▶ Dataset entries:
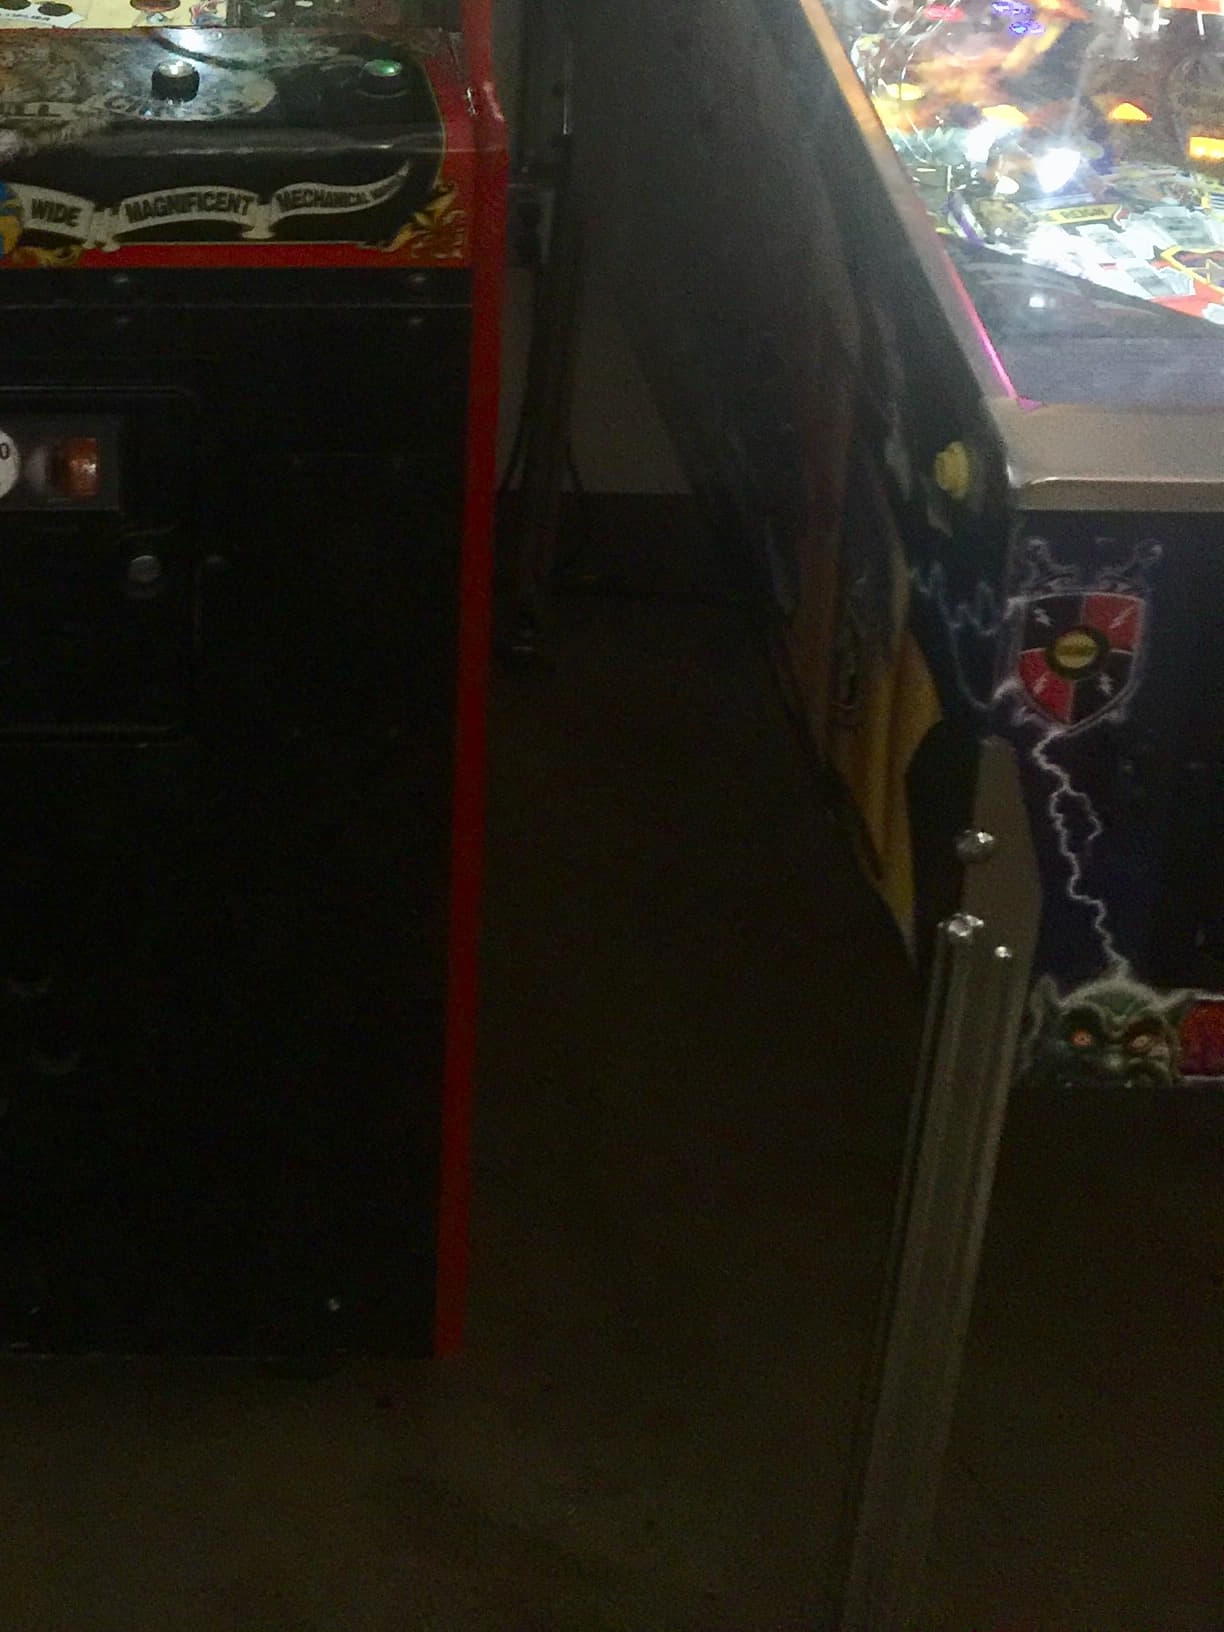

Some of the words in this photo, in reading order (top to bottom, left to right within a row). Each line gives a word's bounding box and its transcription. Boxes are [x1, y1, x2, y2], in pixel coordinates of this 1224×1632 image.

[30, 196, 83, 228] WIDE
[124, 190, 255, 224] MAGNIFICENT
[275, 188, 373, 211] MECHANICAL
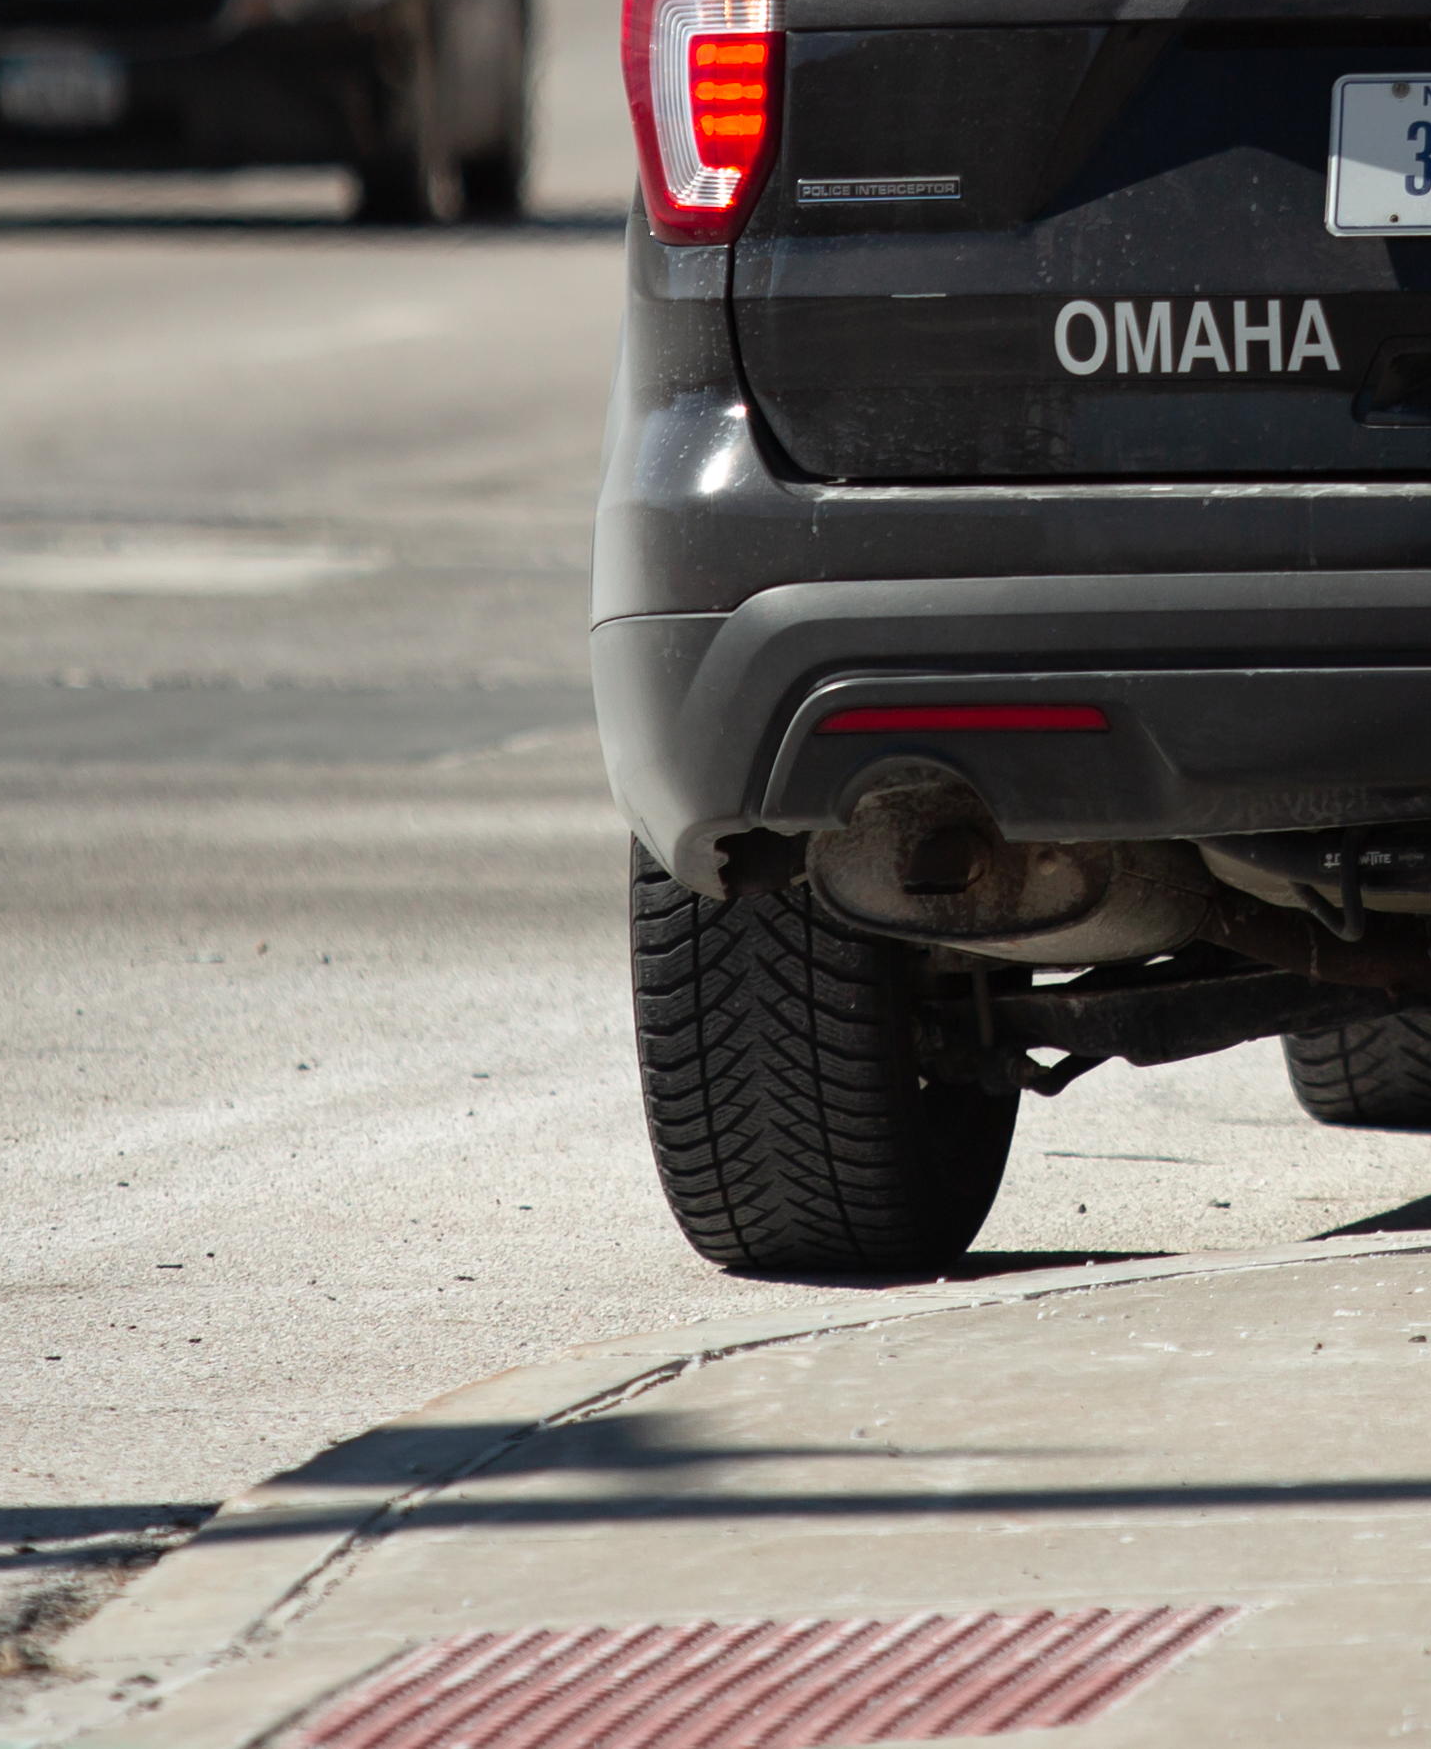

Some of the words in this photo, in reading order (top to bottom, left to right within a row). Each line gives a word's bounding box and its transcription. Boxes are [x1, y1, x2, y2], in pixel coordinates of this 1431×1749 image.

[802, 185, 851, 197] POLICE
[855, 183, 955, 195] INTERCEPTOR
[1054, 299, 1342, 376] OMAHA

▶ Brief: Type the records out again in full, exactly, with each picture omitted.

▶ Solution to this task:
Some of the words in this photo, in reading order (top to bottom, left to right within a row). Each line gives a word's bounding box and its transcription. Boxes are [x1, y1, x2, y2], in pixel coordinates of this 1224×1632 image.

[30, 196, 83, 228] WIDE
[124, 190, 255, 224] MAGNIFICENT
[275, 188, 373, 211] MECHANICAL

Some of the words in this photo, in reading order (top to bottom, left to right within a row). Each line gives a word's bounding box and its transcription. Boxes are [x1, y1, x2, y2], in pixel coordinates of this 1431×1749 image.

[802, 185, 851, 197] POLICE
[855, 183, 955, 195] INTERCEPTOR
[1054, 299, 1342, 376] OMAHA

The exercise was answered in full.